--- Input data Enclosed Below ---

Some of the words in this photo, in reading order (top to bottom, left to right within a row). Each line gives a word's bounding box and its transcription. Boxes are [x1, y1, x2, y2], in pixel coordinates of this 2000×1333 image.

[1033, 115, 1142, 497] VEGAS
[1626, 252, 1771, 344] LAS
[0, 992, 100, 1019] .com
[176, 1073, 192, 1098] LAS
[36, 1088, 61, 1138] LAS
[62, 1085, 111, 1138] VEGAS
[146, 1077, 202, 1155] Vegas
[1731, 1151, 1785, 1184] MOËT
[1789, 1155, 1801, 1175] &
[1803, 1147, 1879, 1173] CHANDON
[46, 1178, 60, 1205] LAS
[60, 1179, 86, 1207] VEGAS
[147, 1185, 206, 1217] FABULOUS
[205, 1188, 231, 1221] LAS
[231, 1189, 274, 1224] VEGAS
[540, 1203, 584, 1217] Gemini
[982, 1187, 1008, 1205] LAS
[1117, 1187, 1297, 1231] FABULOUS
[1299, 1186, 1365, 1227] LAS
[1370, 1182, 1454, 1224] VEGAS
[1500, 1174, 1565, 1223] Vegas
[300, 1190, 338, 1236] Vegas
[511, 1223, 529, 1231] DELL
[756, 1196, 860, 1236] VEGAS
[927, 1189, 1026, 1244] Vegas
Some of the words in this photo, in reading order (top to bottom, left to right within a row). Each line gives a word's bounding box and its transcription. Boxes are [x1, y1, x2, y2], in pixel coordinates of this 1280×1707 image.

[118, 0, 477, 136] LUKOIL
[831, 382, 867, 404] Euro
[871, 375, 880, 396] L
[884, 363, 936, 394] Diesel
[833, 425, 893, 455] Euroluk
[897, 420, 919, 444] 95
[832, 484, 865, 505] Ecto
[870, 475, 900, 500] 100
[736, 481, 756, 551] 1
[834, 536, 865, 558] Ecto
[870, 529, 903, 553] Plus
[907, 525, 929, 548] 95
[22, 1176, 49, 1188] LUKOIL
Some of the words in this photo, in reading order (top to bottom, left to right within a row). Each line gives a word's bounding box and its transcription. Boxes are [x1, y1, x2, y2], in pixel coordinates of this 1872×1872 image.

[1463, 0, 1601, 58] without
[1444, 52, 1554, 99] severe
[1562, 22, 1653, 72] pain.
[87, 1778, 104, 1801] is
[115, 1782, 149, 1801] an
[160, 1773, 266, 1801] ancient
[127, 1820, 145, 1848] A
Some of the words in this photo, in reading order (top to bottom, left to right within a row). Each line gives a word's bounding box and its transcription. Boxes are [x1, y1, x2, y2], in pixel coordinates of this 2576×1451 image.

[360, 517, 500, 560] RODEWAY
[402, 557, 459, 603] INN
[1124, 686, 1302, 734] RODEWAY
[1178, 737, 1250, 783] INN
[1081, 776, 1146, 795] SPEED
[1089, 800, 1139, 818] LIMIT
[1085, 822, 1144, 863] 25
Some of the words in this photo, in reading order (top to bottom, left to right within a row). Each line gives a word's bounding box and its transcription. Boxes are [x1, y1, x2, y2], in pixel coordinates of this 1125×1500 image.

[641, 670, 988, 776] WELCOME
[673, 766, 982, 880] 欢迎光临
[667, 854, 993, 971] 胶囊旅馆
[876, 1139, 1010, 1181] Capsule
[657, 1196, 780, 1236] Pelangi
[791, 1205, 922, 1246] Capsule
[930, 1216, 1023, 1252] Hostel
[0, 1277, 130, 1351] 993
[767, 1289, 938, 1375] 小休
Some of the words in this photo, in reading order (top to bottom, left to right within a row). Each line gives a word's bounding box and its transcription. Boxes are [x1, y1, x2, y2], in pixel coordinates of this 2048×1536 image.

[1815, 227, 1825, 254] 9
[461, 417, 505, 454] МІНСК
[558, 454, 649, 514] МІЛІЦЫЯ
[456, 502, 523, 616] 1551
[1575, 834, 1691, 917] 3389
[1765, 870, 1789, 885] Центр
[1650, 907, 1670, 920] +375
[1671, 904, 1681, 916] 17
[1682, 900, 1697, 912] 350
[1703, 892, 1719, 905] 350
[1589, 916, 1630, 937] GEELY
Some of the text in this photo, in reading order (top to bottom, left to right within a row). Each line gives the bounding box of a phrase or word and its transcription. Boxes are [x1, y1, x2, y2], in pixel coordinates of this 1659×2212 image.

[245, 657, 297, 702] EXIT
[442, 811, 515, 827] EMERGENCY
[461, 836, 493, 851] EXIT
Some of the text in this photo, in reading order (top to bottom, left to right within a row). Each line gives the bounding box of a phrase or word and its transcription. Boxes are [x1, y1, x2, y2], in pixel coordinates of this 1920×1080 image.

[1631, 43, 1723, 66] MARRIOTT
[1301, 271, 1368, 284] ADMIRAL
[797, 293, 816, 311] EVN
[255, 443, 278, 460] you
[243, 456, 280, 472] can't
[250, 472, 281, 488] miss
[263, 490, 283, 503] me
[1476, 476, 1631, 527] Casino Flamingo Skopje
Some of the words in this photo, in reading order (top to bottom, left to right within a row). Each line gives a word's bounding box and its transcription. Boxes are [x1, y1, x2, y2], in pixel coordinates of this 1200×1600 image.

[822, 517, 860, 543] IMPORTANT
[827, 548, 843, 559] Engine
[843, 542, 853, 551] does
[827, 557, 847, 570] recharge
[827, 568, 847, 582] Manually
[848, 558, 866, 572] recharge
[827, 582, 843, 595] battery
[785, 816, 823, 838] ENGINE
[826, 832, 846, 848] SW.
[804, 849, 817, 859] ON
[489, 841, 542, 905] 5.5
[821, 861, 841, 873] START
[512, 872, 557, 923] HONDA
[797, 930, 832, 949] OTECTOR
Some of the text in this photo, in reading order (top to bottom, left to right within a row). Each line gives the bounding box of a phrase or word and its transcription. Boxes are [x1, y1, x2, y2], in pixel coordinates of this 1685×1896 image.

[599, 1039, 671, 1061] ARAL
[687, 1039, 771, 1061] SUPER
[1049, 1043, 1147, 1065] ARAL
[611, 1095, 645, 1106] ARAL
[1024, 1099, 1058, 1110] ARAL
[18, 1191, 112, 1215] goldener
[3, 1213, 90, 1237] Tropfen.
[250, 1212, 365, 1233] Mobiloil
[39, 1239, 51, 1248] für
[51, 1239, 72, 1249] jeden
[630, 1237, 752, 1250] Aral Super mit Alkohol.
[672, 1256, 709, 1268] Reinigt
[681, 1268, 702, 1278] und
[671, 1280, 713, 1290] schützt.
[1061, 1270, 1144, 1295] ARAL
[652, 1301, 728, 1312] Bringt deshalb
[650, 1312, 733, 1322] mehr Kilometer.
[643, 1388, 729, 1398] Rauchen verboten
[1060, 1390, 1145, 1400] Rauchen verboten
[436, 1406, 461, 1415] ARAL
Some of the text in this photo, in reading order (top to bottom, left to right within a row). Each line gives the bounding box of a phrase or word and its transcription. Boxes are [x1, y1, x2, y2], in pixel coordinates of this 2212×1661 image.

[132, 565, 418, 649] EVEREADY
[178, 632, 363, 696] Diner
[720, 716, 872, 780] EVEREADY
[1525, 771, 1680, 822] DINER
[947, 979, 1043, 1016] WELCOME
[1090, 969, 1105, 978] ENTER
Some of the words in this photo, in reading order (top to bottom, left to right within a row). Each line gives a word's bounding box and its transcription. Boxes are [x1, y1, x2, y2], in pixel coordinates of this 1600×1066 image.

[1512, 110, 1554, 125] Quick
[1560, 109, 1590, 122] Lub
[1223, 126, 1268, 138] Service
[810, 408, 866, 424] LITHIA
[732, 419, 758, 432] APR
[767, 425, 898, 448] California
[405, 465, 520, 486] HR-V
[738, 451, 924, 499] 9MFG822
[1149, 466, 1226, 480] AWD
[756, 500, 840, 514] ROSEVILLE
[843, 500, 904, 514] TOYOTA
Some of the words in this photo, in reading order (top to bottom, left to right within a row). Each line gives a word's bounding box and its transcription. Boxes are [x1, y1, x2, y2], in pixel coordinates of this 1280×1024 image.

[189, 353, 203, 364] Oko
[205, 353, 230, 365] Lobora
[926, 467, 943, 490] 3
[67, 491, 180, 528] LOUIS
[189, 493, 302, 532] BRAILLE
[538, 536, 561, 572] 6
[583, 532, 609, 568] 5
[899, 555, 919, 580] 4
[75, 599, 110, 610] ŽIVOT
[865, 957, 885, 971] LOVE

--- End of Enclosed Input data ---

* _About this exercise_: The answer must be the line containing "this 1280×1024 image." and every line after it to the end of the data, exactly as written.

* _Answer section_:
Some of the words in this photo, in reading order (top to bottom, left to right within a row). Each line gives a word's bounding box and its transcription. Boxes are [x1, y1, x2, y2], in pixel coordinates of this 1280×1024 image.

[189, 353, 203, 364] Oko
[205, 353, 230, 365] Lobora
[926, 467, 943, 490] 3
[67, 491, 180, 528] LOUIS
[189, 493, 302, 532] BRAILLE
[538, 536, 561, 572] 6
[583, 532, 609, 568] 5
[899, 555, 919, 580] 4
[75, 599, 110, 610] ŽIVOT
[865, 957, 885, 971] LOVE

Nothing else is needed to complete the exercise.